When he's being a jerk, do you stand up for your dd? If he says something borderline, do you step in and say, "That's not true, dd was _______" or otherwise stick up for her? I think that would go a long way towards making her feel better about you and about herself. It's important to remember that while YOU may realize that he's "just being a jerk," if you don't say much to stick up for her, she's going to think that you agree with every rude, crummy thing he does/says to her because you don't stop him. And talking to him alone really isn't enough. You have to defend your dd, when appropriate, right in front of everyone. Make it known that that kind of treatment of your child/children is unacceptable in your home.

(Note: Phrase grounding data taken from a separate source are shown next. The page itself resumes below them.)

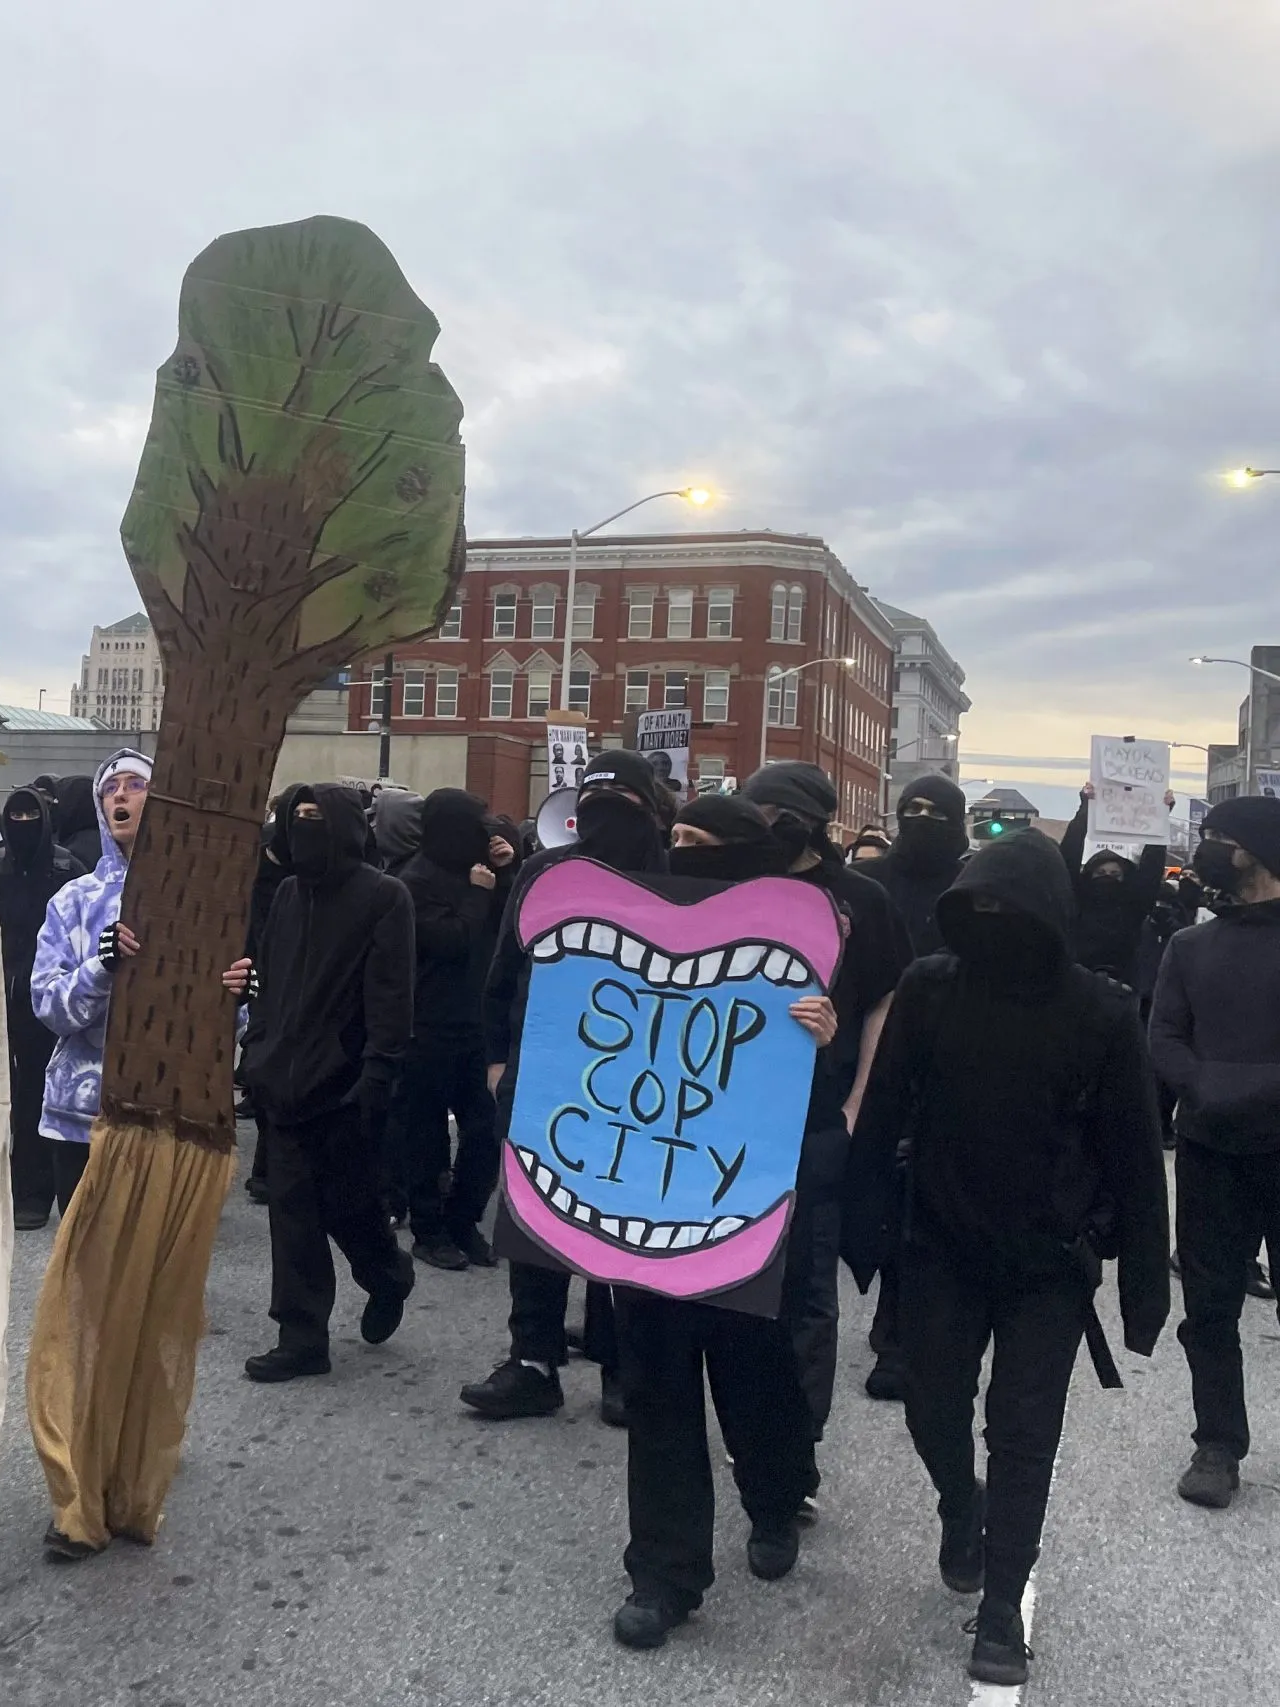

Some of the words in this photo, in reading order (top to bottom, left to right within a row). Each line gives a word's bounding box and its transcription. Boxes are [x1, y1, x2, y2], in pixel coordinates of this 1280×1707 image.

[643, 731, 662, 749] MANY
[663, 730, 687, 748] MORE?
[644, 715, 654, 730] OF
[578, 978, 766, 1091] STOP
[581, 1055, 713, 1138] COP
[546, 1102, 746, 1208] CITY
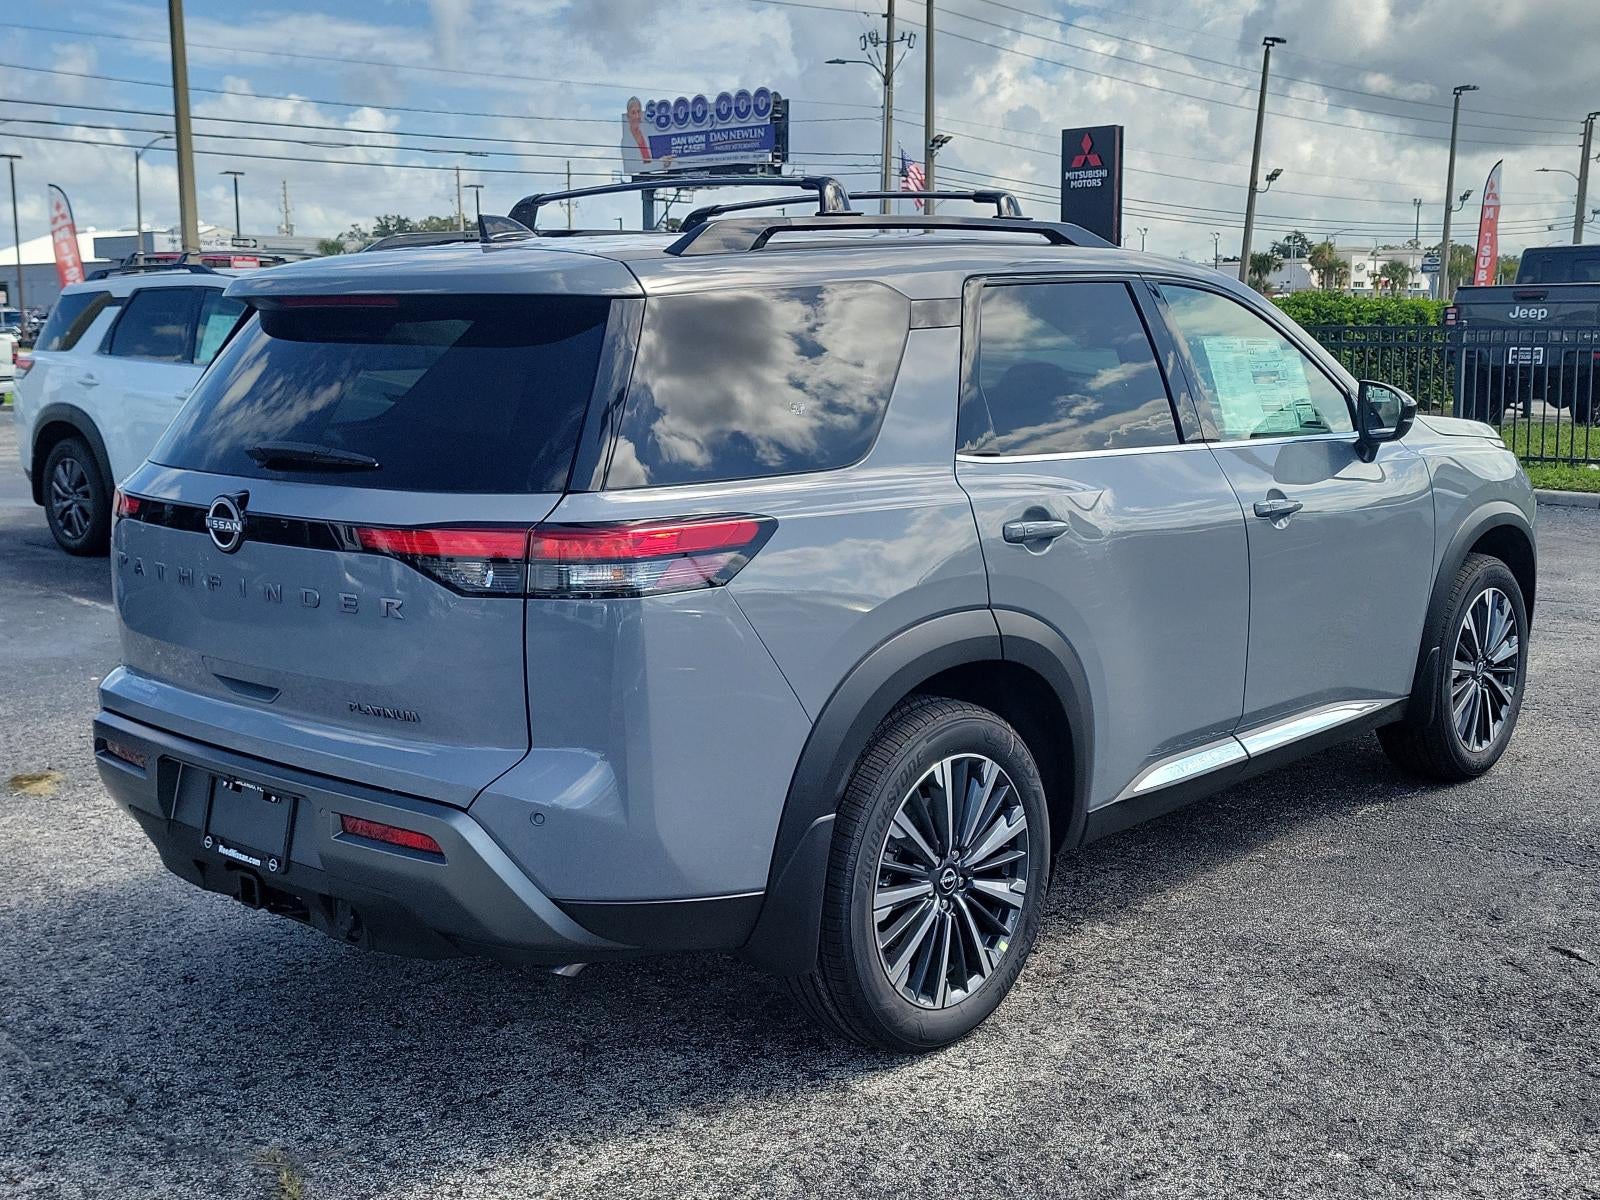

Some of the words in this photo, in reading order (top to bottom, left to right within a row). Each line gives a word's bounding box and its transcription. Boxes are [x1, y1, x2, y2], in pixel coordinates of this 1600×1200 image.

[645, 87, 772, 131] $800,000
[671, 137, 687, 146] DAN
[709, 130, 729, 142] DAN
[728, 128, 765, 141] NEWLIN
[1065, 169, 1108, 180] MITSUBISHI
[1070, 178, 1102, 189] MOTORS
[1508, 305, 1548, 321] Jeep
[206, 517, 241, 532] NISSAN
[117, 550, 405, 620] PATHFINDER
[347, 700, 421, 723] PLATINUM
[863, 752, 928, 890] BRIDGESTONE
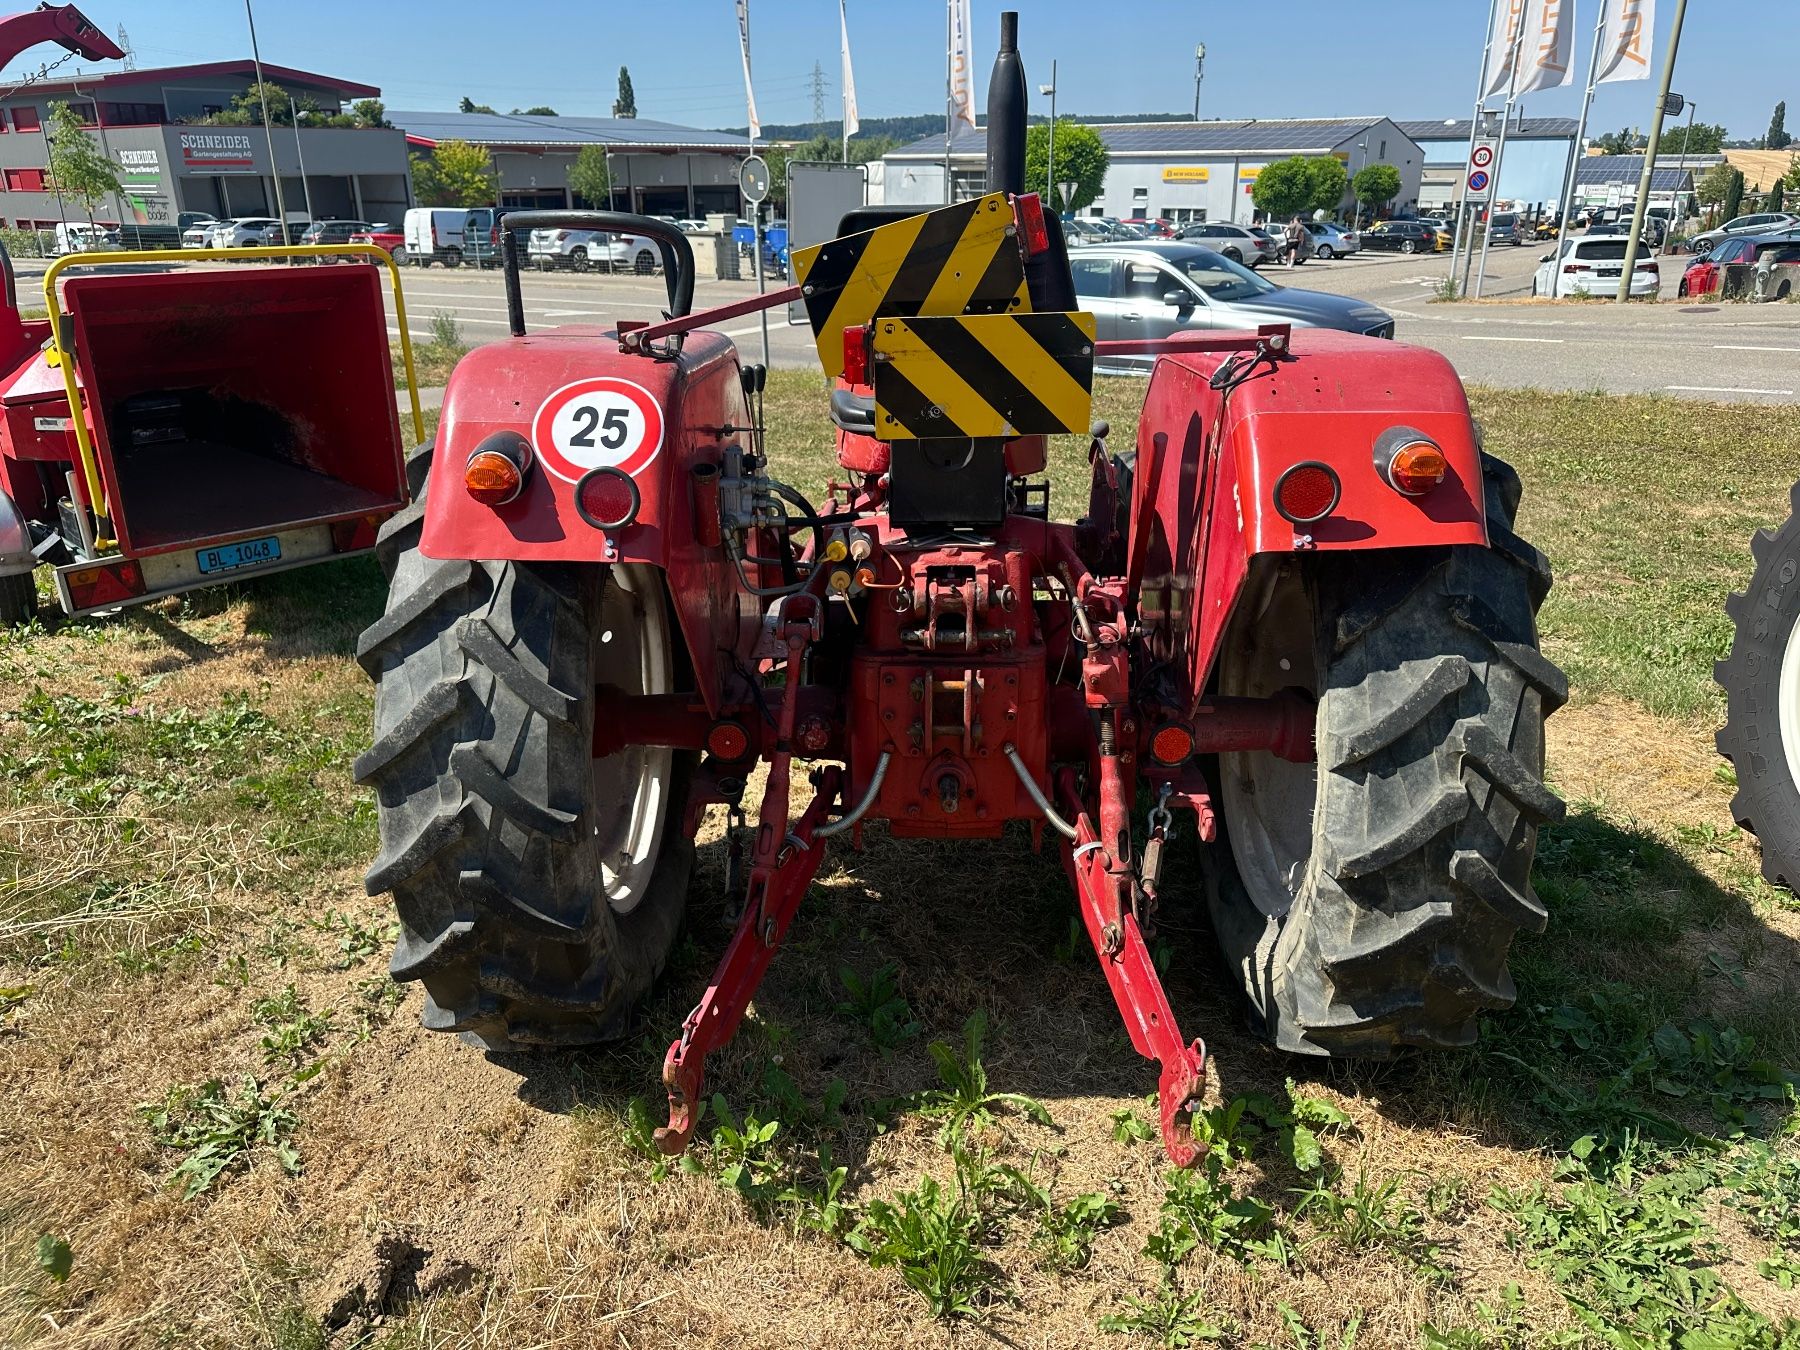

It's wonderful and hard that you're taking responsibility for your dad. But at the same time, if he's being an ass to your dd, you owe it to her to do something about it (and not just expect her to "get it" because we all pitch in, make sacrifices, etc.). Depending on how mean or caustic he is, it could really be a painful, poisonous influence in your dd's psychological health and no amount of "But you understand, we have to take care of Gramps" will make her feel better when he's being a jerk to her. It will just make her feel like, at least on some level, you agree with him.

Sorry to write a novel. Obviously, I've had personal experience with this kind of situation . . . as the kid.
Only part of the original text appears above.